A Chance Encounter by Rae Shaw (e manga reader TXT) 📗
- Author: Rae Shaw
Book online «A Chance Encounter by Rae Shaw (e manga reader TXT) 📗». Author Rae Shaw
‘I kept an open mind, for a while. It proved short-lived. Mark has to deal with the fallout from that too.’
Mark was already in a bad place and they were about to make it worse. Her weekend plans were rapidly tumbling into a blackhole. She would have to show him how to punch harder without breaking his knuckles.
What she didn’t know was part of Haynes’ past. ‘The Haydocks client was what caught your attention though, not Mark or Henderson. Redningsmann is Norwegian for deliverer.’
Jackson nodded. ‘As I said, we know of other aliases, but that one was a new one.’ A brief smile crossed his lips. ‘Mark certainly unleashed a swarm of frightened bees at Haydocks.’
Julianna sensed another possible wrist slapping. She had drawn somebody else into Jackson’s game. ‘I took advantage of my time alone with Sophia in the car. It’s what started… Sophia told me the witness to the murder referred to a malevolent person, the Deliverer, and I think she noticed my reaction.’
Jackson balled his fist and smacked it on his thigh. ‘I don’t know the details of what Sophia uncovered. She’s the Clewer’s solicitor. She only told me that they’d found the witness.’ He perpetuated the silence for longer this time. ‘She doesn’t know about the threats, where they come from. I didn’t want her unintentionally revealing anything to Hettie. They’re very close. She’s going to be family.’ Jackson spoke into the glare of lights and kaleidoscopic raindrops snaking across the windscreen, his thoughts out in the open when previously he had kept them to himself. Under different circumstances, such faith in Julianna should have brought her pride. But not today. He sighed. ‘Perhaps involving her was a mistake. It’s why I needed an outsider, someone like you with no ties to my family.’
‘Sophia brought an end to those futile appeal attempts. In his way, Mark is grateful. She doesn’t know what makes Mark’s case special to you. I think she deserves to, because what Mark uncovered isn’t trivial.’
‘You’re right. This business of the Deliverer goes back further than Mark’s involvement. To when Hettie was young.’
The last piece of the jigsaw. Between them, they were solving the puzzle. ‘I don't want to intrude, sir. I know that she’s precious to you...’
‘You should know more – I dropped you into this mess. Hettie was adopted, which you know. A good family with enough money to support her creativity. She needs that outlet. When she was six, her birth mother slashed her wrists in the bath.
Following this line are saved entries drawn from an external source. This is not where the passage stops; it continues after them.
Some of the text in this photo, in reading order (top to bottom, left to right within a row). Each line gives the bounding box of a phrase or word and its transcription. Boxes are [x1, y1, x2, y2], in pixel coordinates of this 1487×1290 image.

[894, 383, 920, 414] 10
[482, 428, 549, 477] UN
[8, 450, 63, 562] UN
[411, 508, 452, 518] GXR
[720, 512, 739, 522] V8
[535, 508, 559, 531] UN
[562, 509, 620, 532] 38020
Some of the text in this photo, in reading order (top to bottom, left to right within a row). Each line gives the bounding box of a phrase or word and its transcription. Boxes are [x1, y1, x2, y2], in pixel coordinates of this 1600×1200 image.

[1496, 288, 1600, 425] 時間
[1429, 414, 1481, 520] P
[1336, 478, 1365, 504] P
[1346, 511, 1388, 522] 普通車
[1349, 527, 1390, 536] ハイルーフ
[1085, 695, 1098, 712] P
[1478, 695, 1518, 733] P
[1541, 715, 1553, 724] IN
Hettie found her.’
The handles of the pram. Jackson had calmly reacted to the fuss, knowing the injury was superficial, and protected his wife at the hospital from intrusive questions that might reveal the real nature of her affliction.
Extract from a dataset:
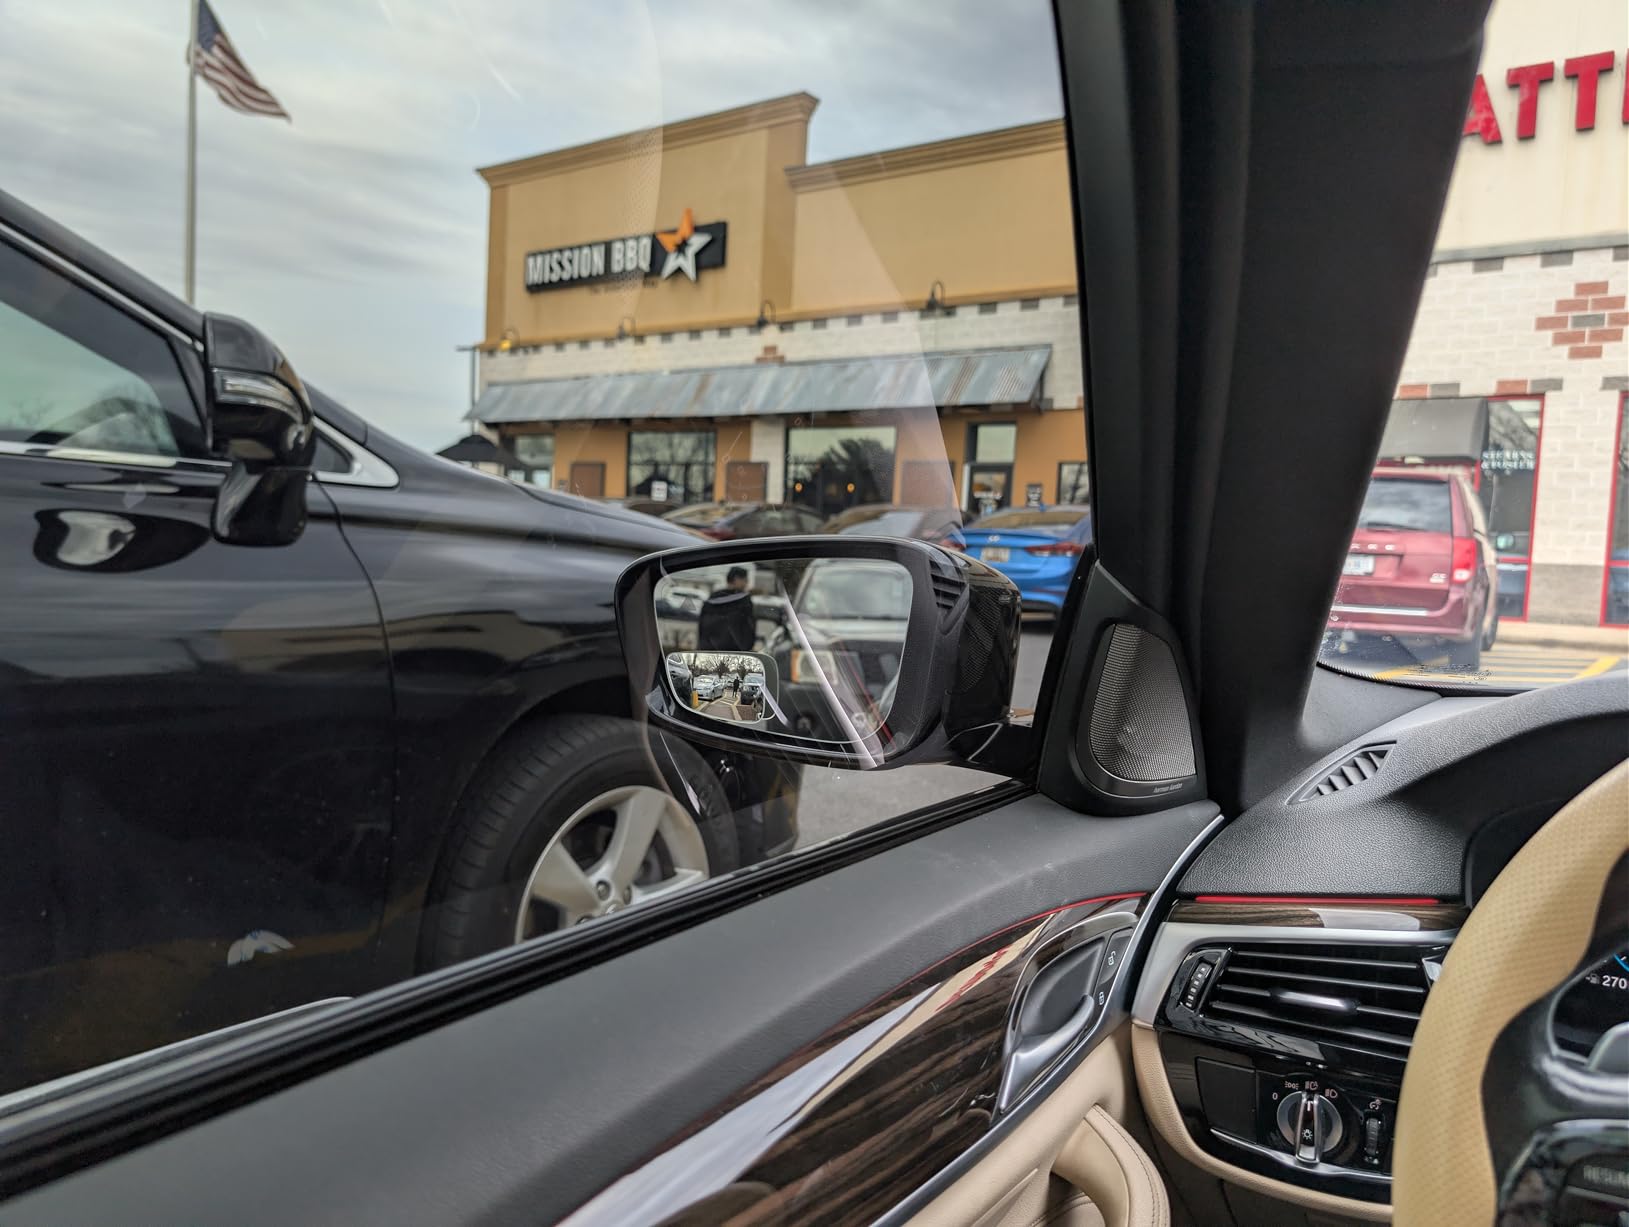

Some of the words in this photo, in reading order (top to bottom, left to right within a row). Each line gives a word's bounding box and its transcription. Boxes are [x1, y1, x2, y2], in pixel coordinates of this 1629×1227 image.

‘Oh, my God. Her fear of blood—’
‘Yes. It's from that time. I must have appeared uncaring from where you sat. I was cross with Lara for making a poor decision about the ambulance. She’d been briefed, I thought.’
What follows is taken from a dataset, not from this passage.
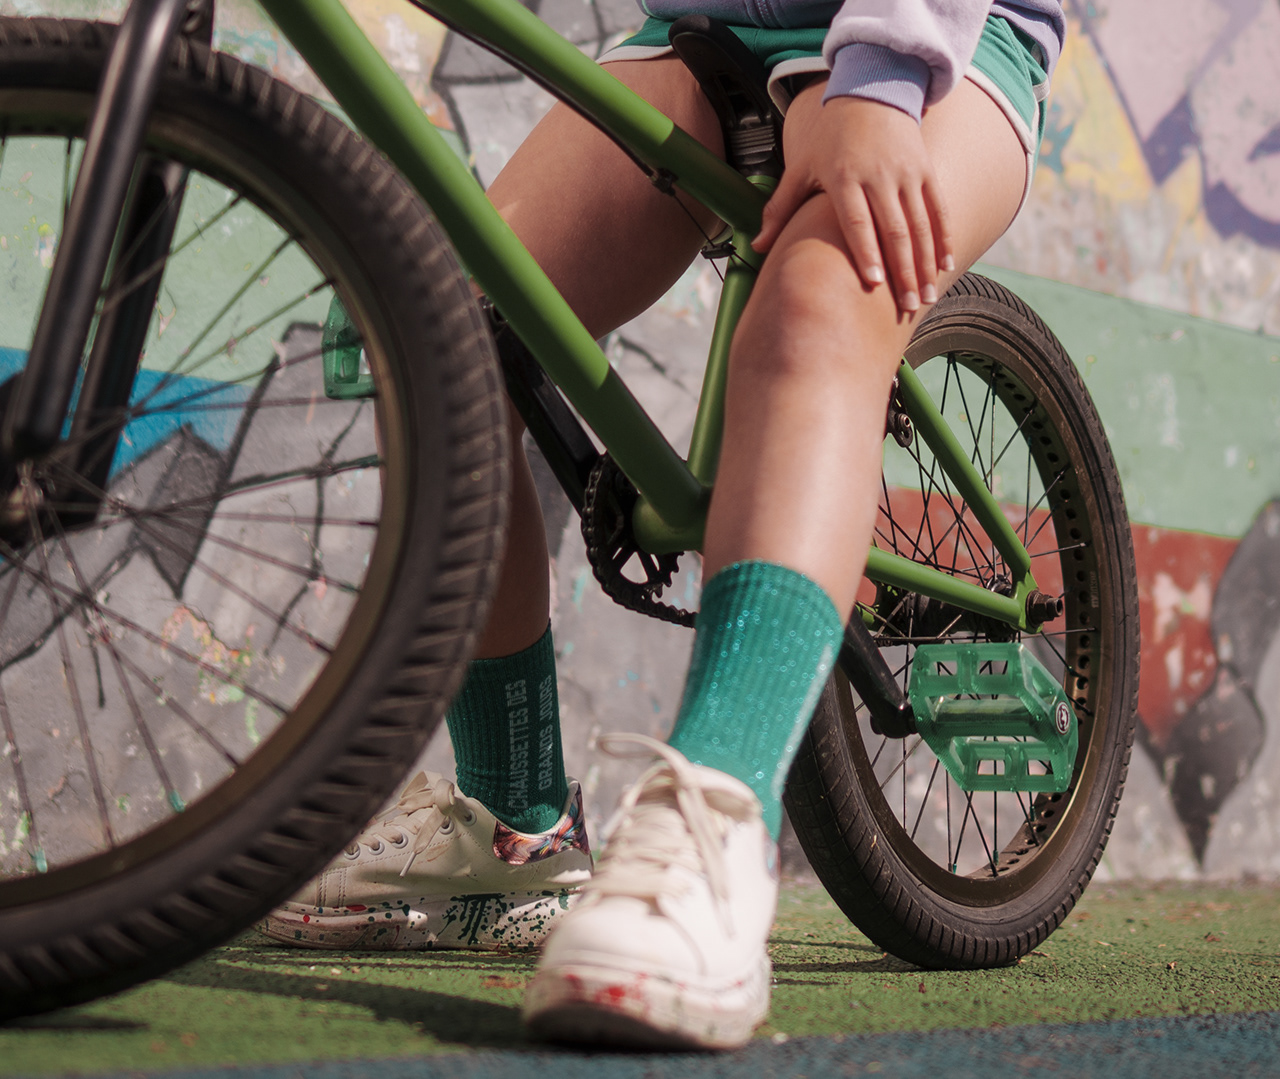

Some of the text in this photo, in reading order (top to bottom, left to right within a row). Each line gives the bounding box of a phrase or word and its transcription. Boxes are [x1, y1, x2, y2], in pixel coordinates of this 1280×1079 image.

[505, 679, 529, 809] CHAUSSETTES DES
[538, 675, 554, 790] GRANDS JOURS
‘Chris informed me of the fear, but not the reason why. Perhaps Lara missed—’
‘Blood is the trigger,’ Jackson said sharply. ‘It doesn’t matter now. The point is, she fears the emotions it might awaken. So she protects herself by locking down – a form of catatonia. As a child she was taken into care and swiftly adopted. It helped her heal.’
‘I understand. Her birth mother brought her up alone?’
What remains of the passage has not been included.